Bipolar II patients like me experience a condition called hypomania, which is not as severe as mania but can still lead to destructive behaviors that impact your life (like I wrote about above). Hypomania is a very slippery fellow, pretending to be your friend by giving you an energy spike like you’ve never felt before, and then taking it away with the worst kind of emotional destruction. It starts with a high that makes you want to do dozens of things, transforms into losing steam and becoming irritable, and ends with the crumbling of everything around you.

When the bottom falls out, I enter a severe depression that can last weeks or even months. The mood shift between the highs and lows is so severe that  it feels almost as if  I’ve fallen twice as far, because the highs were so damn intoxicating. Add anxiety disorder to the mix, and it makes life more difficult during  both the highs and lows (but that’s a topic for another time). My crashes tend to be some of the worst periods of my life, where it feels like the sun has set and won’t rise again, for a long long time.

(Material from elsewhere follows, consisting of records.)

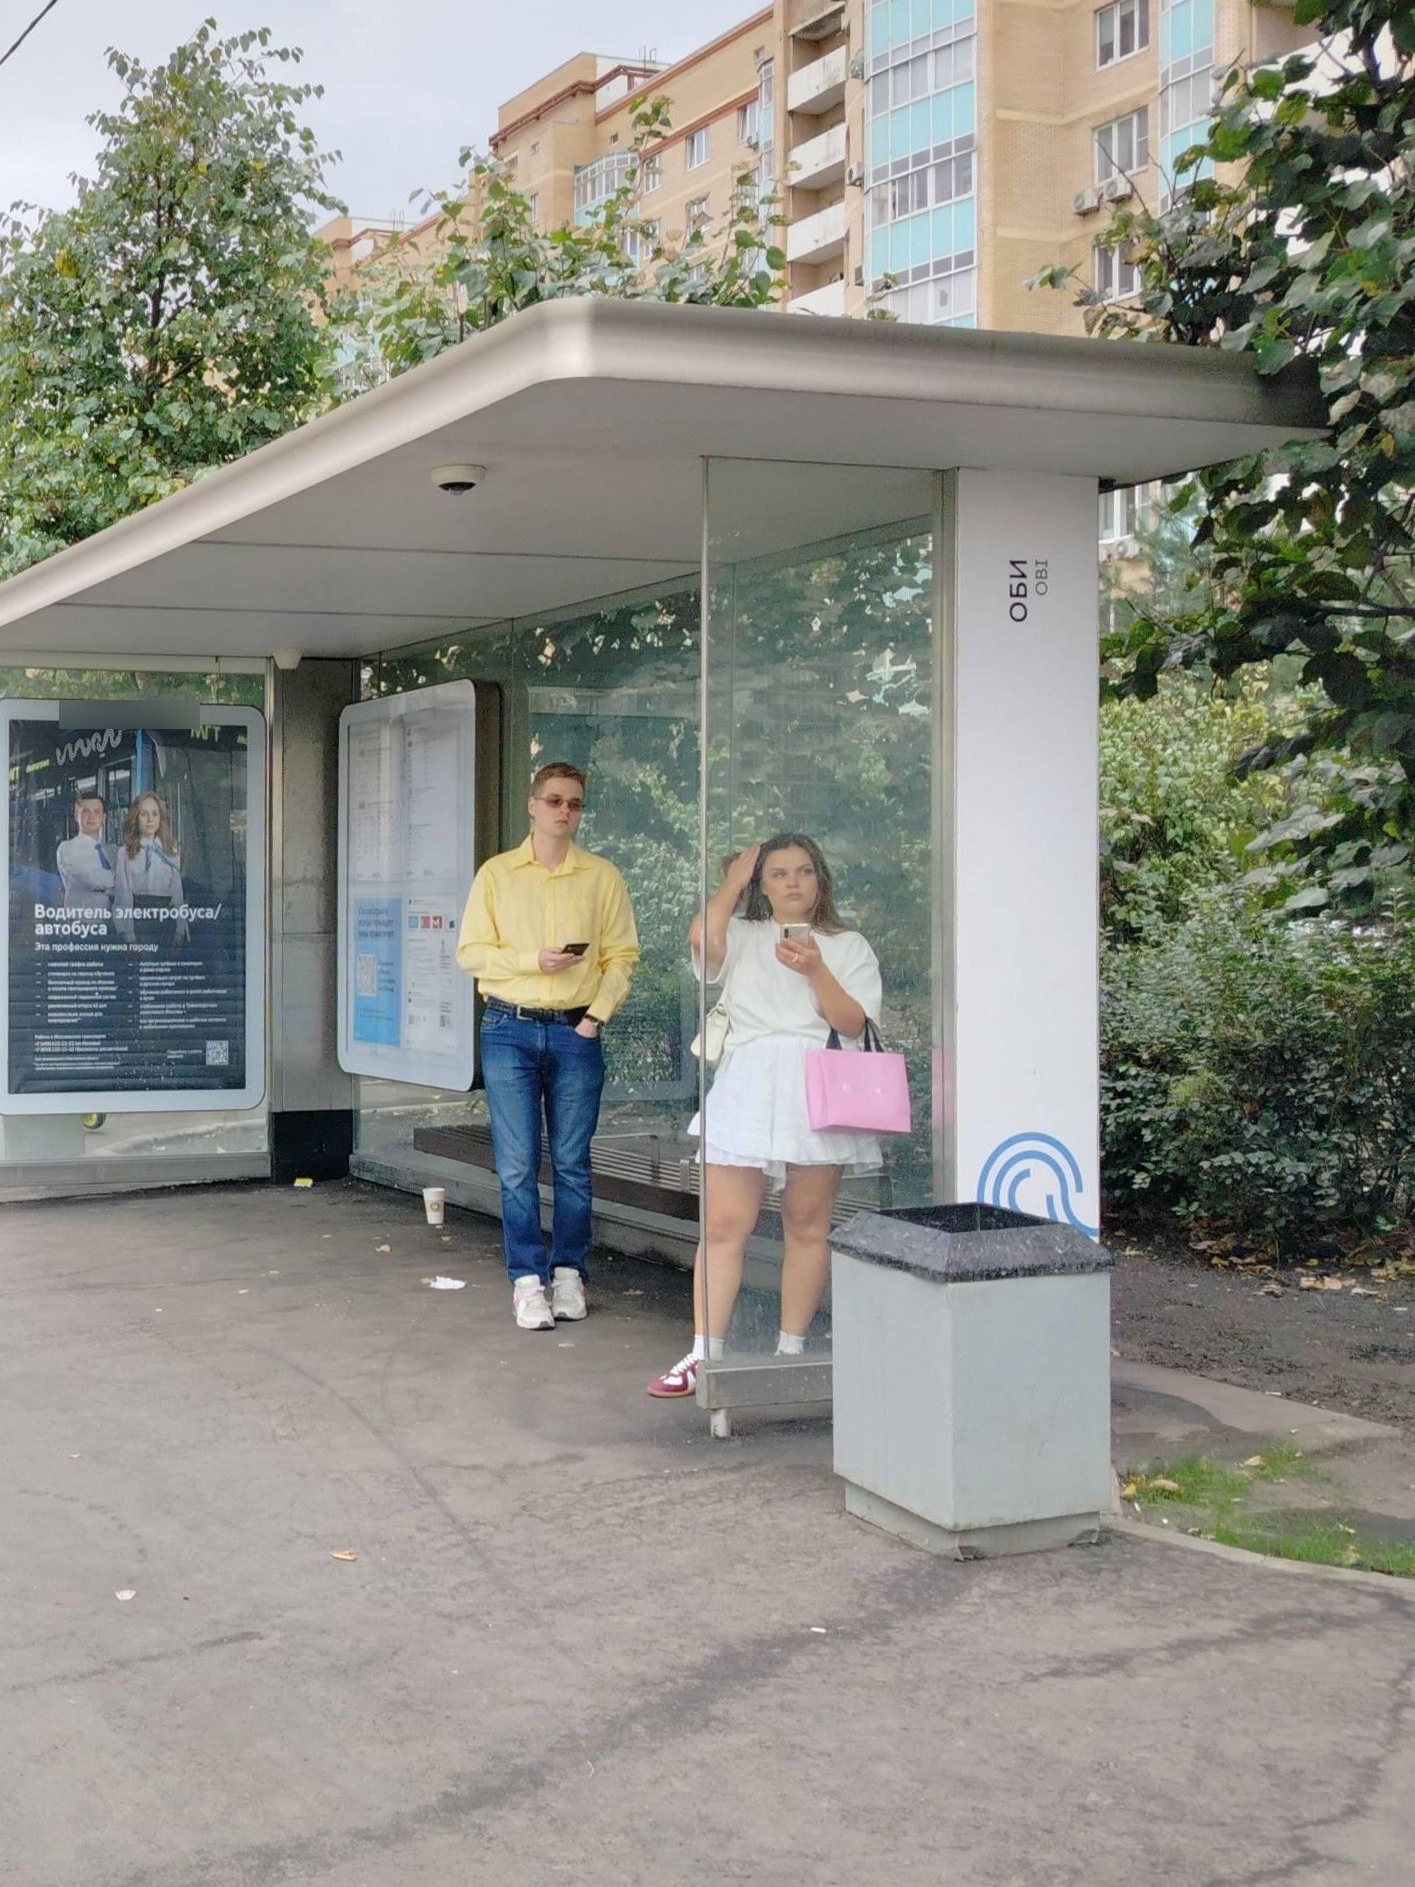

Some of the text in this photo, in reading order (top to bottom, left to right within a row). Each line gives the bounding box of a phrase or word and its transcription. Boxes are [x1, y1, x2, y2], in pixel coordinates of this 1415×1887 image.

[1035, 560, 1048, 595] OBI
[1009, 560, 1027, 622] ОБИ
[35, 903, 221, 922] Водитель электробуса/
[34, 920, 108, 938] автобуса
[34, 942, 159, 953] Эта профессия нужна городу
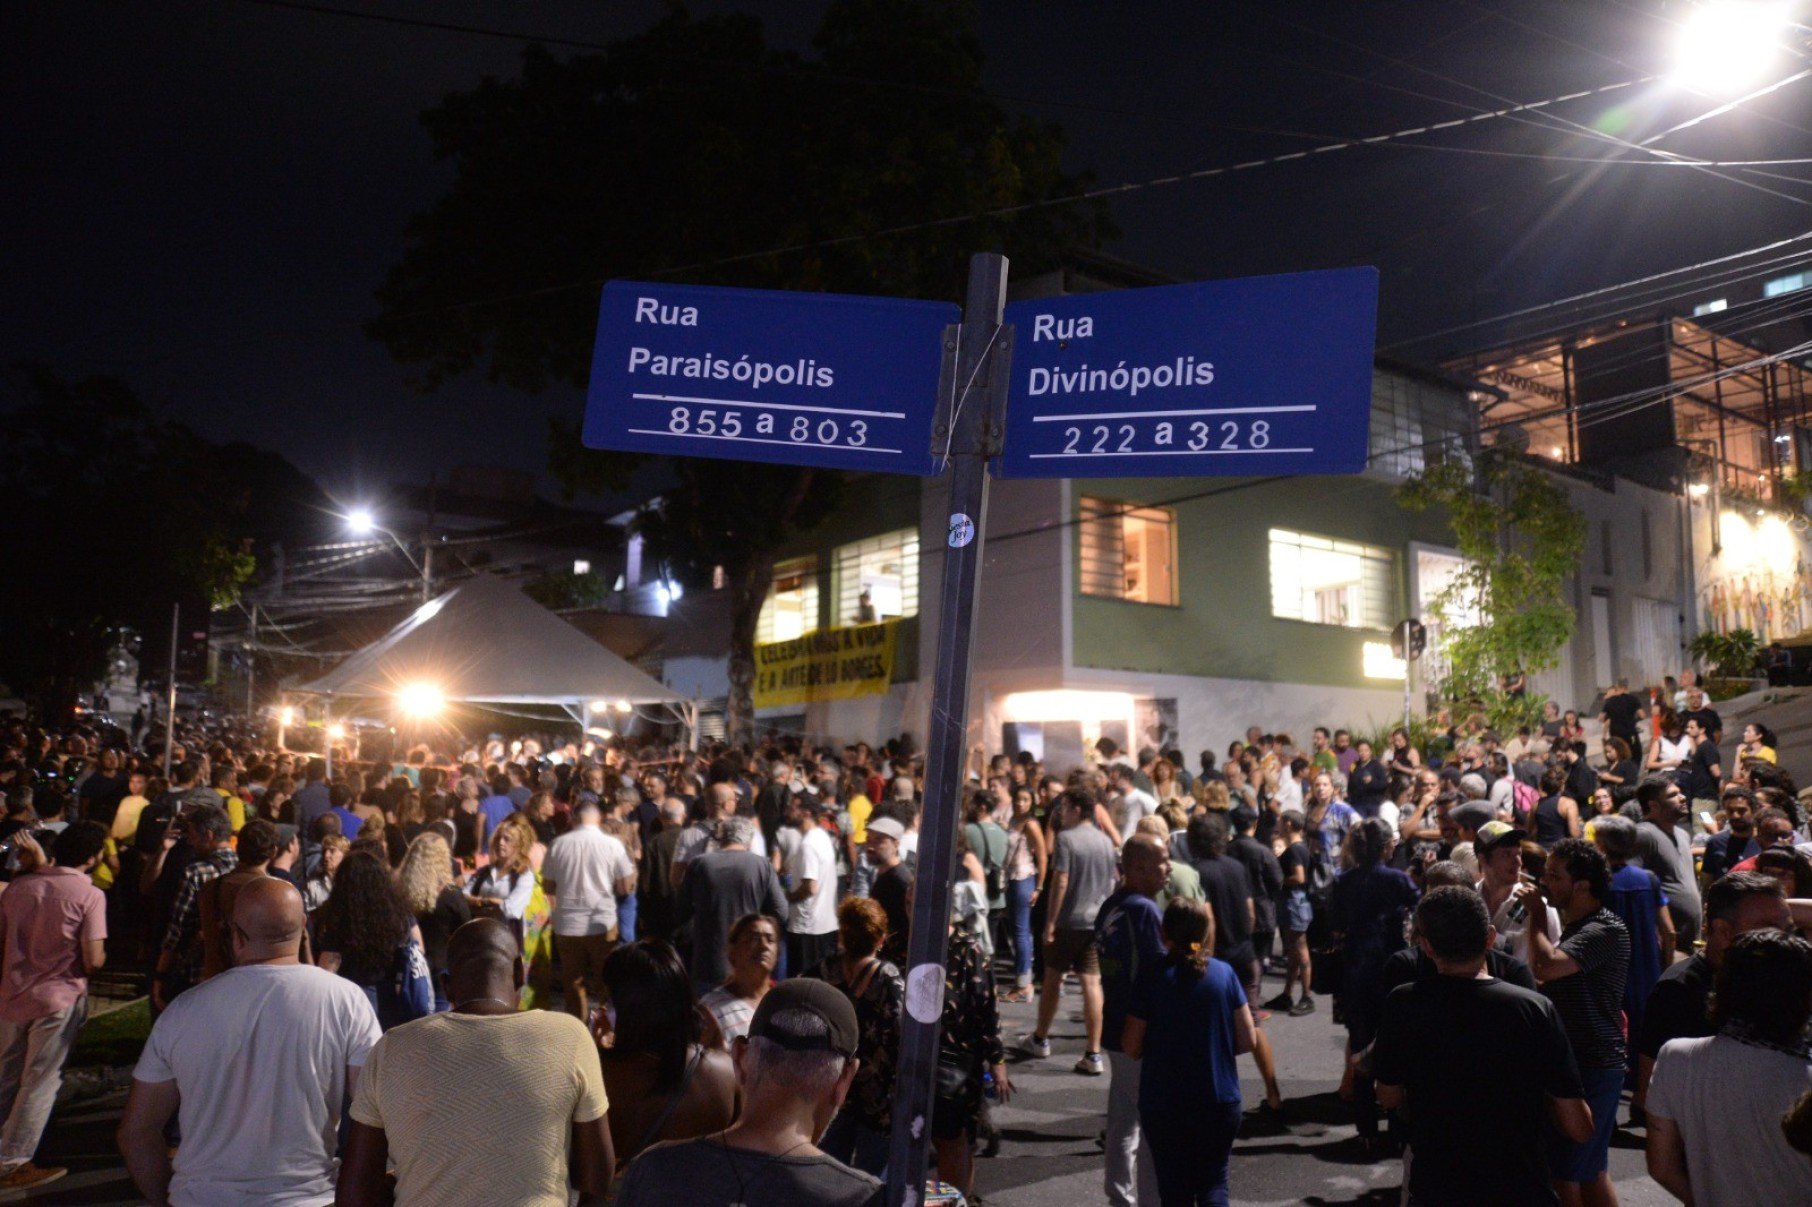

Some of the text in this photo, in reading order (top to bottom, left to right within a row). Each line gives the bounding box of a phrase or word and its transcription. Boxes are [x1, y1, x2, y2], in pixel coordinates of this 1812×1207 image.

[634, 297, 699, 326] Rua
[1033, 314, 1094, 342] Rua
[628, 347, 835, 389] Paraisópolis
[1028, 356, 1215, 396] Divinópolis
[668, 407, 868, 447] 855 a 803
[1062, 420, 1270, 454] 222 a 328

I wouldn’t wish hypomania on my worst enemy, but it leaves me feeling very alone. It’s hard to convey why being high energy can be the most awful thing in the world, and I’m planning on writing more about it. I hope you’ll join me on this journey!

Photo by Clint McKoy on Unsplash

2 thoughts on “Nothing Good Happens at 4 AM”
  1. Thank you for sharing your experience, teaching us what hypomania is, and giving us examples of what it looks like. One can easily assume hypomanic episodes are just full of productivity and being on top of the world but it is so important to understand the downsides and the looming crash at the end.

    I’ve been looking forward to a new post and this one did not disappoint! Proud of you and in awe of your bravery and courage, Sanat!

    1. Thank you for your wonderful comment! You nailed it- hypomania is difficult because it feels like it’s doing something good for you, but it’s honestly just so damn destructive. I’m hoping that sharing more about it will help people understand what it’s all about.